"Omoi, ya? Aku harap... kita bisa bertemu di kehidupan yang lain."
Herz des Schwert
.
Disclaimer: Naruto (c) Masashi Kishimoto. Tidak mengambil keuntungan materiil dari fanfiksi ini.
[ apfel / apple ]
Perang Shinobi Keempat sudah selesai sejak dua tahun yang lalu. Saat ini kelima desa besar shinobi tengah menikmati masa damai.
Omoi sedang melintasi hutan di daerah Kusagakure sepulang dari misi, ketika ia tiba di sebuah tempat lapang yang jarang ada pepohonan. Ia turun dari ranting pohon yang sedang diinjaknya, memilih untuk berjalan di tanah saja.
Sepertinya… ada yang familiar dengan tempat ini.
Ia terus berjalan sembari melihat-lihat, lalu pandangannya berhenti pada sesuatu yang mirip kolam berwarna kecokelatan yang berada beberapa meter di depan. Omoi langsung mengenali apa itu.
Kolam lumpur isap.
Ia terus berjalan ke depan, memperlambat langkahnya perlahan sewaktu tiba di tepi lumpur isap itu. Sejurus kemudian ia memicingkan matanya, merasakan ada sesuatu yang aneh.
Ada gelembung-gelembung yang muncul dari tengah-tengah lumpur isap.
Omoi mengernyitkan keningnya. Gelembung itu… seperti gelembung udara. Seperti ada yang bernapas dari dalam.
Mungkinkah kolam lumpur isap ini memiliki ikan yang hidup di dalamnya?
Omoi segera menepis spekulasi konyol itu dari benaknya. Tidak mungkin. Ikan pasti akan mati berada di tempat yang hampir tak ada oksigen seperti ini. Ia lalu berjongkok di tepi kolam, mengamati gelembung yang muncul itu dengan dahi berkerut.
Sesuatu yang berwarna kemerahan tampak mencuat sekilas dari dalam, sebelum kemudian tenggelam lagi.
Omoi mengangkat alisnya.
Sesuatu yang berwarna merah itu tampak seperti… rambut?
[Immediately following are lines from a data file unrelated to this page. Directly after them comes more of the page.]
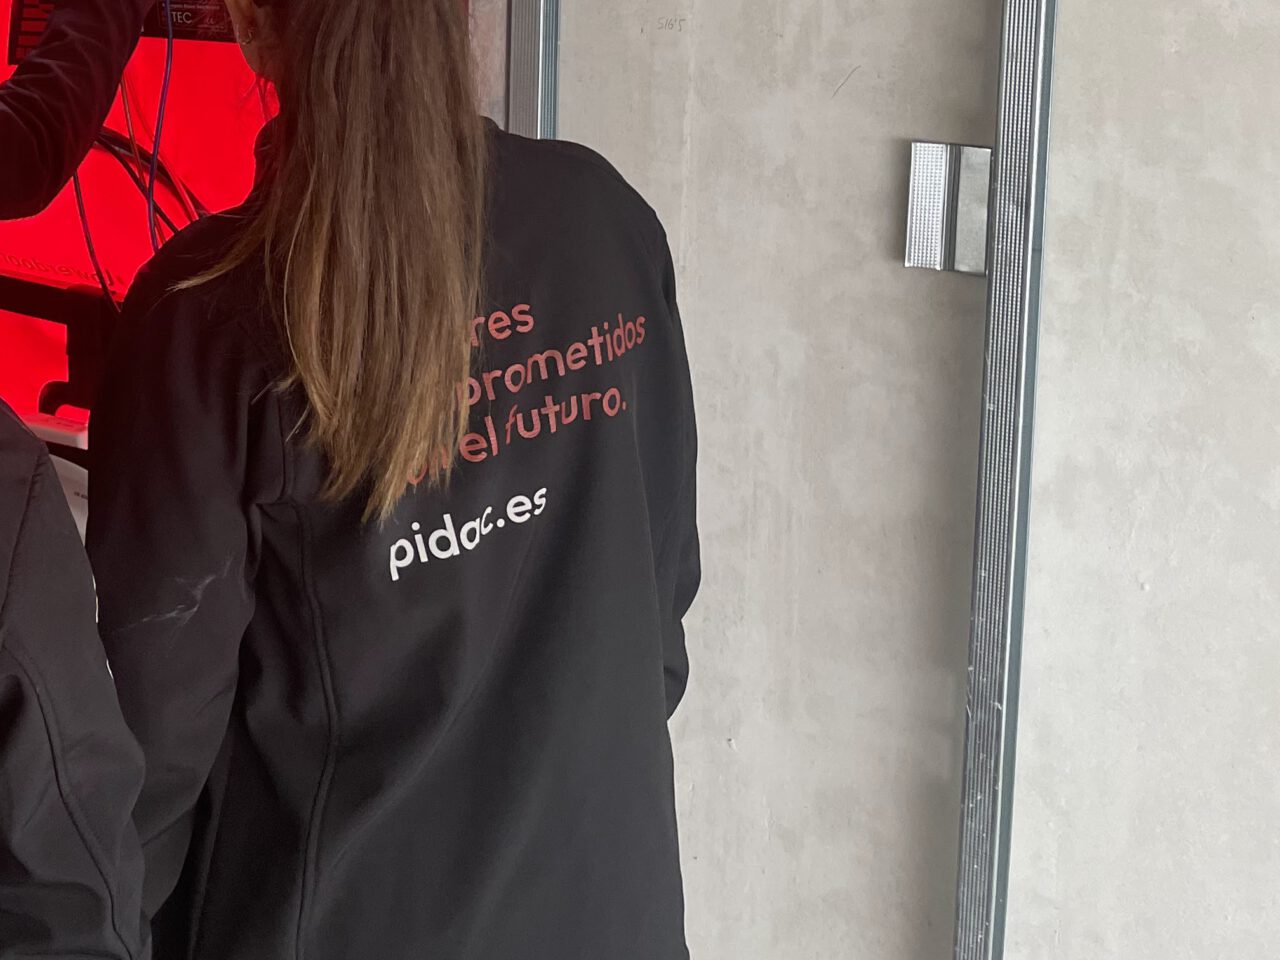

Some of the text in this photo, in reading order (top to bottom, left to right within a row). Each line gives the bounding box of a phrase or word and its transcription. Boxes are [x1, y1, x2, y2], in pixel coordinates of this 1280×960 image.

[171, 11, 193, 24] TEC
[456, 313, 646, 411] prometidos
[470, 303, 534, 347] res
[459, 387, 627, 463] el futuro.
[390, 488, 547, 581] pidac.es
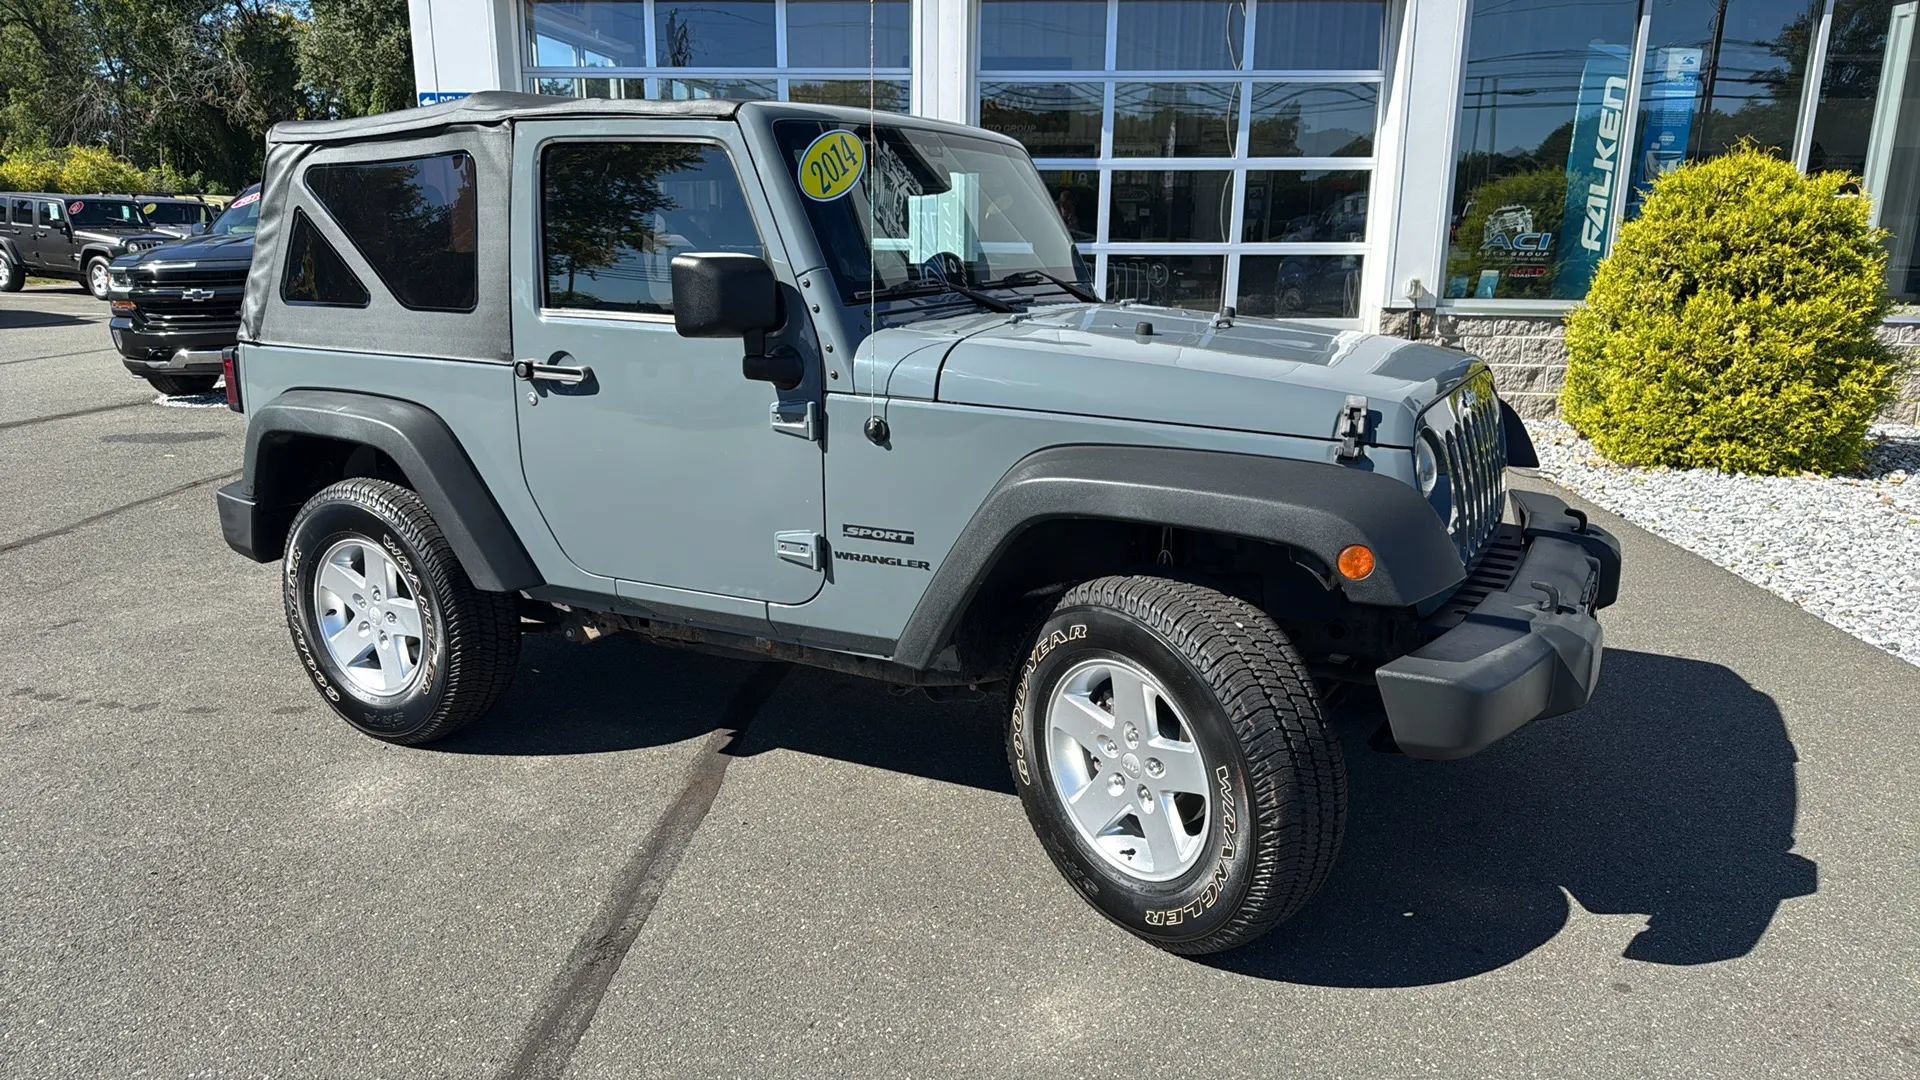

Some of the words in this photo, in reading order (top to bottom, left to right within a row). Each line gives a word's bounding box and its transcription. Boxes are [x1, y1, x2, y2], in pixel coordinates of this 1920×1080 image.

[811, 136, 857, 194] 2014
[1480, 233, 1552, 250] ACI
[1581, 76, 1627, 252] FALKEN
[834, 551, 931, 571] WRANGLER
[845, 526, 914, 543] SPORT
[287, 547, 341, 702] GOODYEAR
[383, 533, 438, 696] WRANGLER
[1011, 624, 1088, 786] GOODYEAR
[1145, 765, 1238, 926] WRANGLER
Ia menggelengkan kepalanya. Tidak mungkin. Rambut siapa yang ada di dalam lumpur isap itu?
Ada orang di dalam.
Permen apel yang sedang digigitnya hampir saja tertelan. Omoi mengernyitkan keningnya. Rambut itu memang kelihatan seperti… rambut manusia, tapi masa sih ada orang yang berada di dalam situ? Siapa pun yang tenggelam pasti akan jatuh ke dasar, lalu mati di dalam.
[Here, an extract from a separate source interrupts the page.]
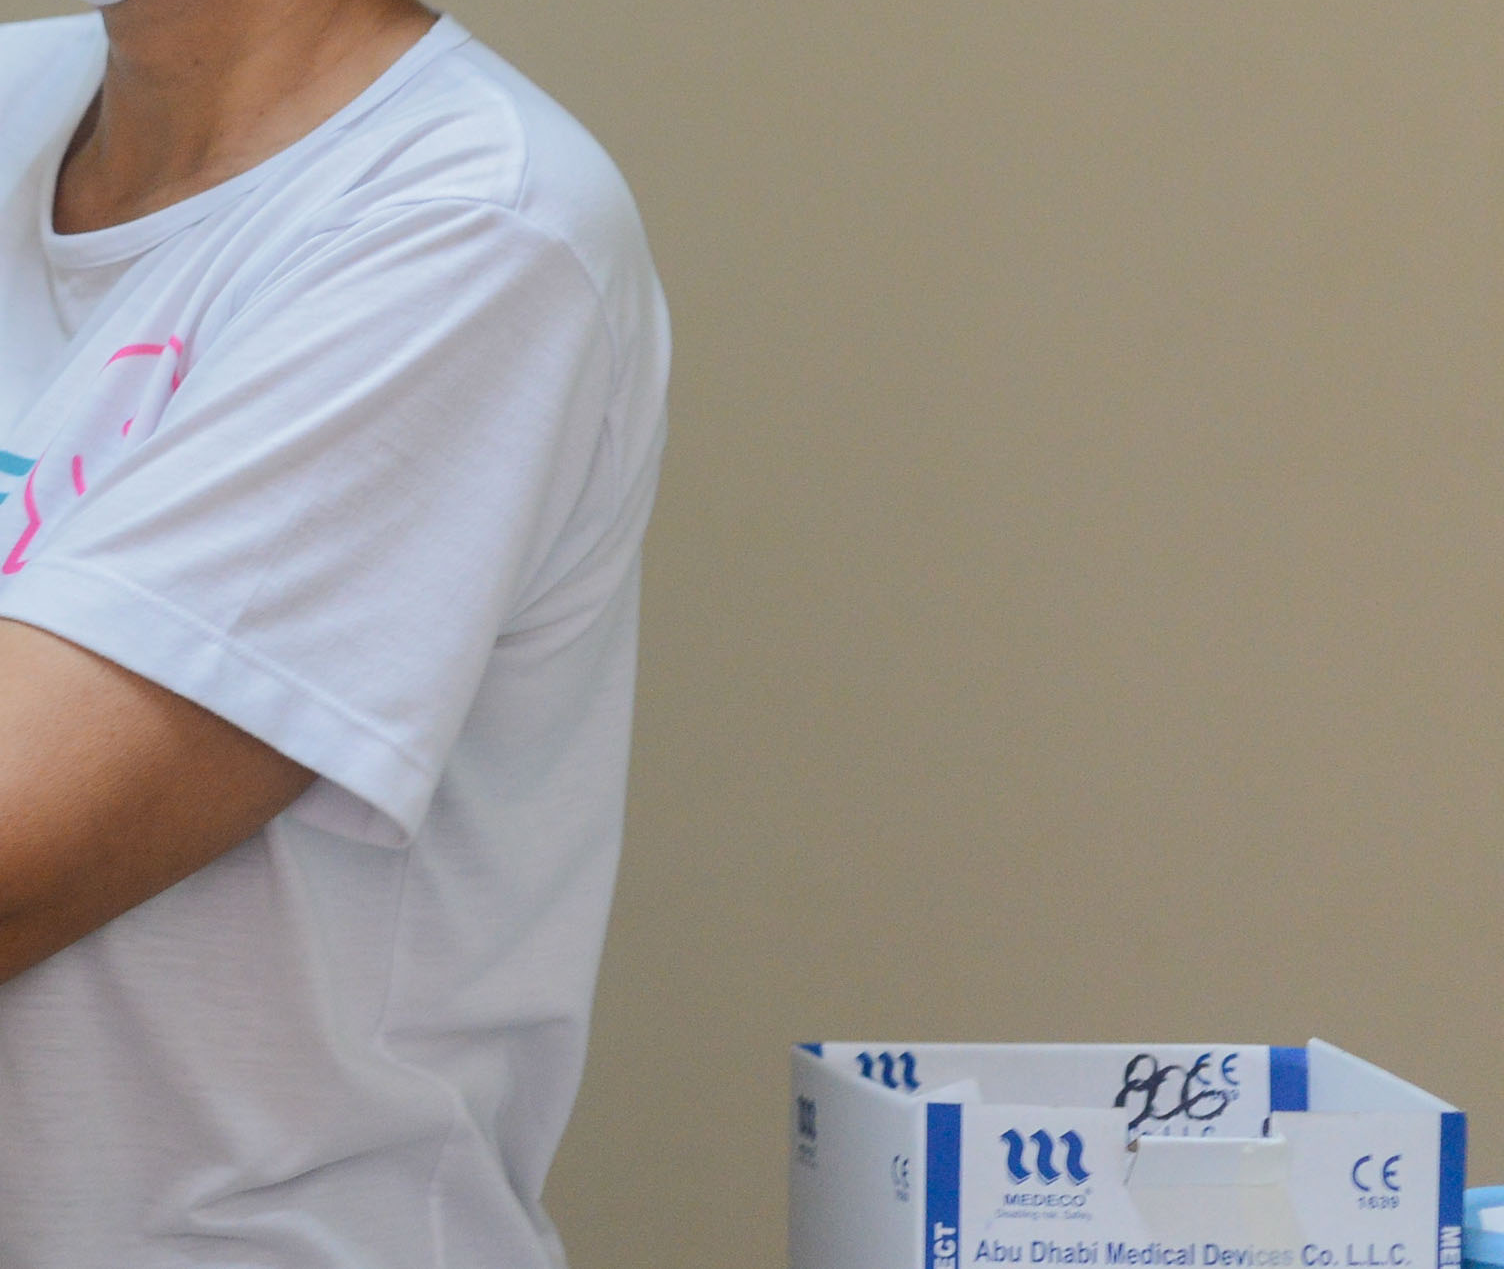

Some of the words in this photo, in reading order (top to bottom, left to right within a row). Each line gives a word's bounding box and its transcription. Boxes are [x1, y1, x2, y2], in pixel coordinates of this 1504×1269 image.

Kecuali kalau orang itu memang sudah mati dari awal.
Omoi menggigit permennya, lalu mengunyahnya dengan bunyi gemeretak keras. Mungkin ia hanya berspekulasi terlalu jauh. Satu-satunya orang yang diketahuinya pernah tenggelam ke lumpur isap itu adalah….
Oh, ya.
Ameyuri Ringo.
Omoi menelan permennya yang kini tinggal serpihan kecil. Wanita itu…
'Aku harap kita bisa bertemu di kehidupan yang lain.'
Ia mengernyitkan keningnya, sebelum kemudian membuang tangkai permennya ke tanah. Ameyuri Ringo sudah mati. Tapi ia juga… masih hidup.
Ameyuri Ringo adalah seorang mayat hidup.
Omoi memandangi kolam lumpur isap di depannya, dalam hati bergidik sedikit begitu mengingat hal itu. Tapi jutsu itu telah selesai. Uchiha Itachi sudah menghentikannya, kan?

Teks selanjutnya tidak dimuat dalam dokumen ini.